Try it:
Before copying, set the pictures aside; then repeat every line below verbatim.

Exercise inputs:

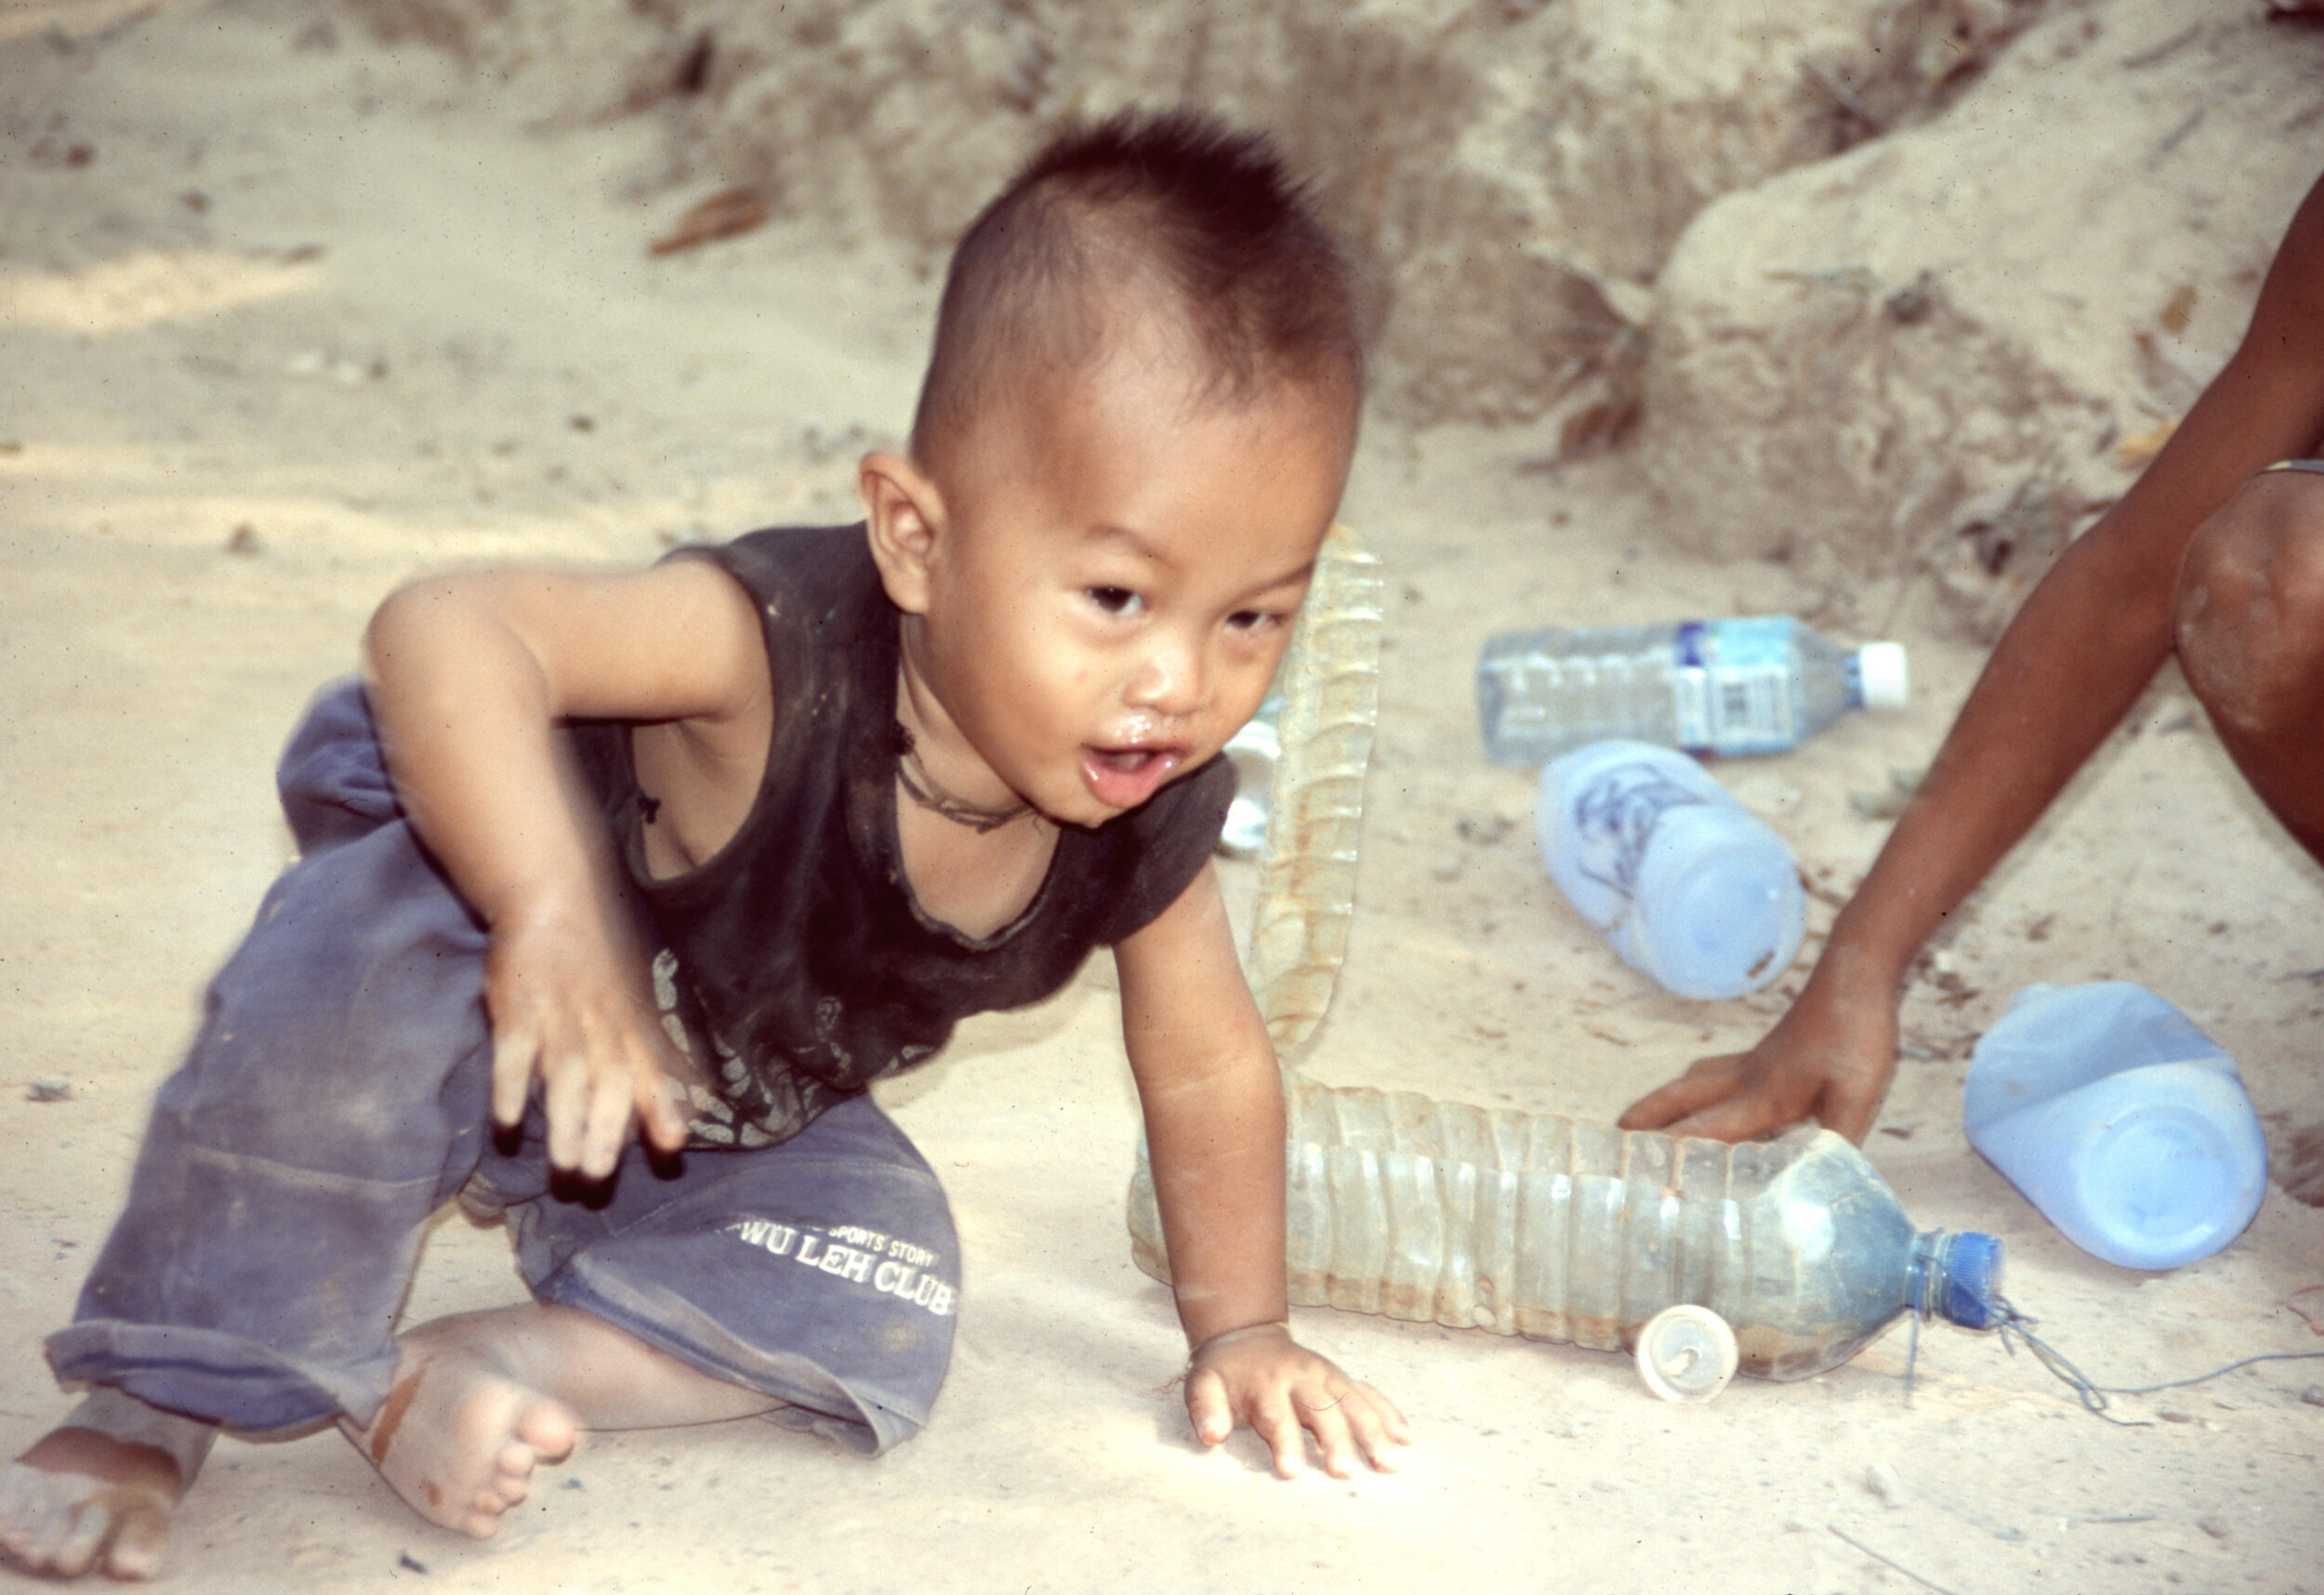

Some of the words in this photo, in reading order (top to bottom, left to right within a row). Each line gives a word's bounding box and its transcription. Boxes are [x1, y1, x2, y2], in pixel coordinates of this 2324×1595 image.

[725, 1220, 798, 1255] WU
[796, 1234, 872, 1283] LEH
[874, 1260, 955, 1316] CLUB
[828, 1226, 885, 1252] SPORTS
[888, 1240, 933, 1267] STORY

Task result:
Some of the words in this photo, in reading order (top to bottom, left to right within a row). Each line gives a word's bounding box and its transcription. Boxes are [x1, y1, x2, y2], in pixel coordinates of this 2324×1595 image.

[725, 1220, 798, 1255] WU
[796, 1234, 872, 1283] LEH
[874, 1260, 955, 1316] CLUB
[828, 1226, 885, 1252] SPORTS
[888, 1240, 933, 1267] STORY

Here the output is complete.